Lenskart.com. Suzie. Índia, Julho 2015

Este anúncio indiano é invulgar. Como diria o Principezinho, “o essencial é invisível aos olhos”. Uma das graças que o Criador nos concedeu consiste em pintar o mundo com as cores do desejo. Quando, invisuais ou não, vemos a princesa que sonhamos, ela dá-nos a mão para pintar o mundo.
Para além das cores do desejo, o Criador dotou-nos, também, com o “apanágio do riso”. O anúncio inscreve-se, com sucesso, num registo cómico. Um jovem com deficiência visual toma a cadela por namorada. Mas um dia, um novo par de óculos desfaz o encanto.
Acontece aos normais rir-se a um espelho invertido; dos deficientes, dos corcundas, dos surdos, dos cegos, dos coxos, dos feios e demais aberrações. Faz parte da nossa “natureza imbecil” (Blaise Pascal).

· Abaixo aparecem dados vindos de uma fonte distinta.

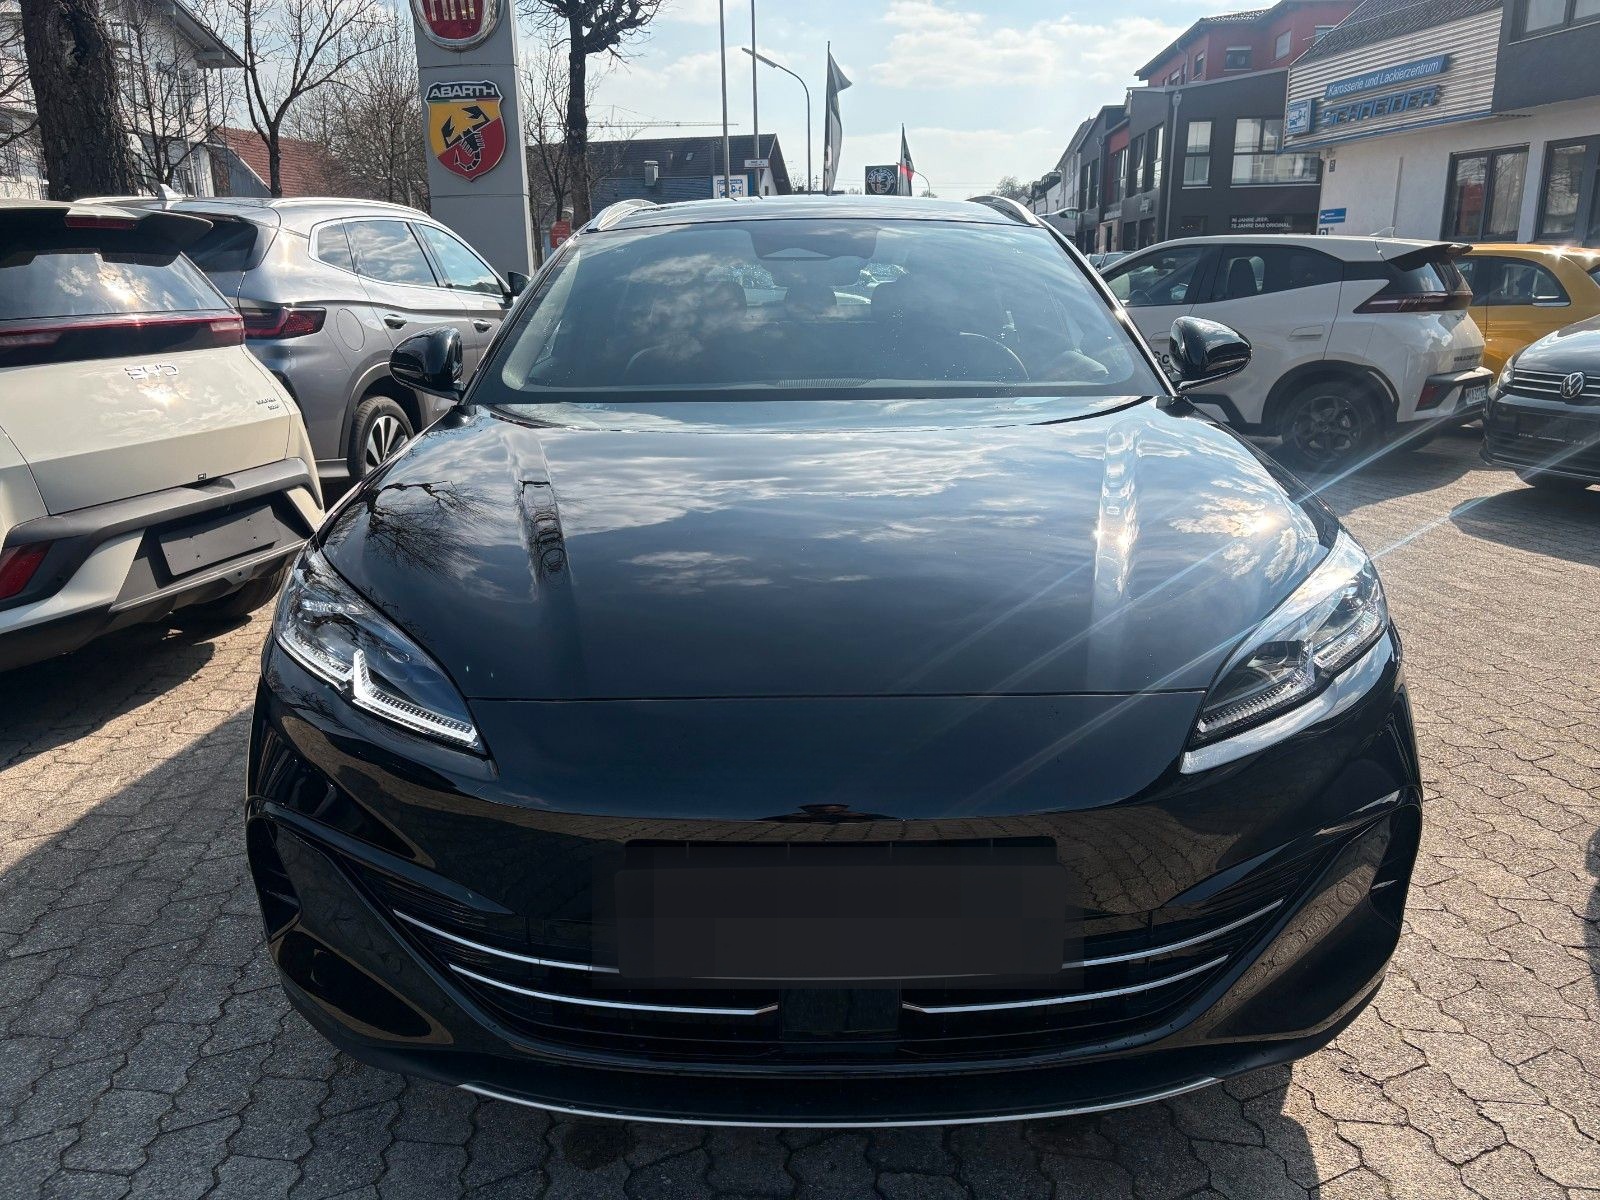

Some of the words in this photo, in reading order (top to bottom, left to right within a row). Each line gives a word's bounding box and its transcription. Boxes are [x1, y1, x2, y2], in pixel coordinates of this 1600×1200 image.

Desencanto. Tendências do Imaginário, 28.08.2015

Mentes ofuscantes

No Oriente, não é apenas a Tailândia que nos surpreende com o humor extremo e insólito. A Índia também dá o seu pé de dança com anúncios extravagantes, hilariantes, fascinantes e outros adjetivos terminados em “antes”, tais como ofuscantes.

A Happydent desenvolveu na Índia, entre 2005 e 2009, uma campanha publicitária luminosa, com um humor absurdo que lembra o surrealismo.
No primeiro anúncio, de 2005, durante uma sessão fotográfica, um homem, que mastiga uma pastilha elástica Happydent, substitui, ao rir, o flash.
O segundo, datado de 2007, é um anúncio monumental. Num palácio, um jovem corre aflito. Entra numa sala, sobe para o candeeiro, mostra os dentes e faz-se luz. Graças ao efeito Happydent, o jantar pode começar.
No terceiro anúncio, de 2009, um pastor perde um cordeiro. As defesas dos elefantes mergulhadas em água com Happydent iluminam a busca nocturna.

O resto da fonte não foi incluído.